Exercise details: Retype the range from the line holding "this 1280×1280 image." to the last line of the listing, inclusive, exactly as it appears and with nothing else.

Provided data:
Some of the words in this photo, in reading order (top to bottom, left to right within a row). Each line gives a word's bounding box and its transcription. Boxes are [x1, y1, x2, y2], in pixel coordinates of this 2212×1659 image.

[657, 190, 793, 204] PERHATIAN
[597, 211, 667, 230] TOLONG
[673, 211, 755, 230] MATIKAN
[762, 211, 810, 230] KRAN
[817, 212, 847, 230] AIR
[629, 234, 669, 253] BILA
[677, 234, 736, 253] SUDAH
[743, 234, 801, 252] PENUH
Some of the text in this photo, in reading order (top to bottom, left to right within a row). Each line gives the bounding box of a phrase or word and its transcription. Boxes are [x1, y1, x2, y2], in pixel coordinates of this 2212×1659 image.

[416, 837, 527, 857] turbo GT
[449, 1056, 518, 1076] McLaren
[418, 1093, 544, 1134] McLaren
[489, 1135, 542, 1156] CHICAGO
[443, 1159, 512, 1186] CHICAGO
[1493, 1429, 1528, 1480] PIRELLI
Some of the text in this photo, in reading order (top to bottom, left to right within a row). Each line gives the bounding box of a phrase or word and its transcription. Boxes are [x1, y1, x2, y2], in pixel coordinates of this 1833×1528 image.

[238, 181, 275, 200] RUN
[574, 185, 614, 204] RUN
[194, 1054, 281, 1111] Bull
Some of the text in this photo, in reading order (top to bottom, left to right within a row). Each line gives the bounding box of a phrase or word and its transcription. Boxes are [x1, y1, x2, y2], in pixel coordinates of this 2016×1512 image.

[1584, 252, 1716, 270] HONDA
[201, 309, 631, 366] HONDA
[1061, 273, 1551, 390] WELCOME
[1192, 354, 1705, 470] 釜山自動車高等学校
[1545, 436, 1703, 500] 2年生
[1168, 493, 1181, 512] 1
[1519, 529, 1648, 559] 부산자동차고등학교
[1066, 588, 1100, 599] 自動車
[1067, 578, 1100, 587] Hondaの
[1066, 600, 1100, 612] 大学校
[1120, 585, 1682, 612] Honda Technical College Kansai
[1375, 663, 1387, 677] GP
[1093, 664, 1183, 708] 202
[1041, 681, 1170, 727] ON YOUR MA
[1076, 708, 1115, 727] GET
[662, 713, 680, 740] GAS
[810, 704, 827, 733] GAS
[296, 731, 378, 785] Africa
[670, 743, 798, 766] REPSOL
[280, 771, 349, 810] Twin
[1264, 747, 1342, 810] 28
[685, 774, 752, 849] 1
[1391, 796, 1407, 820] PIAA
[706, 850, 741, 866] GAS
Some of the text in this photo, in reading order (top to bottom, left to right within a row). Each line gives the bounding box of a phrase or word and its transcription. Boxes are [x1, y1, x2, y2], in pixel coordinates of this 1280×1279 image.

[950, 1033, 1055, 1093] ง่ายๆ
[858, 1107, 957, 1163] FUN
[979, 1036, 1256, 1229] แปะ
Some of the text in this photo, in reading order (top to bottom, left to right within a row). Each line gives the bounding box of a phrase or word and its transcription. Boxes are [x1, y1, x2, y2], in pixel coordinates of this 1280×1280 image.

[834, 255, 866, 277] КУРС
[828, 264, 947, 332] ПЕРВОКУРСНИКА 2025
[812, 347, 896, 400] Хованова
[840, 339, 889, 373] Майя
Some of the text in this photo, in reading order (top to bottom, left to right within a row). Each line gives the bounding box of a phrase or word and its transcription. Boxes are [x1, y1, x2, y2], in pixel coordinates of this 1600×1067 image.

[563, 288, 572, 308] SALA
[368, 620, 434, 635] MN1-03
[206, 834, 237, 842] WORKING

Exercise result:
Some of the text in this photo, in reading order (top to bottom, left to right within a row). Each line gives the bounding box of a phrase or word and its transcription. Boxes are [x1, y1, x2, y2], in pixel coordinates of this 1280×1280 image.

[834, 255, 866, 277] КУРС
[828, 264, 947, 332] ПЕРВОКУРСНИКА 2025
[812, 347, 896, 400] Хованова
[840, 339, 889, 373] Майя
Some of the text in this photo, in reading order (top to bottom, left to right within a row). Each line gives the bounding box of a phrase or word and its transcription. Boxes are [x1, y1, x2, y2], in pixel coordinates of this 1600×1067 image.

[563, 288, 572, 308] SALA
[368, 620, 434, 635] MN1-03
[206, 834, 237, 842] WORKING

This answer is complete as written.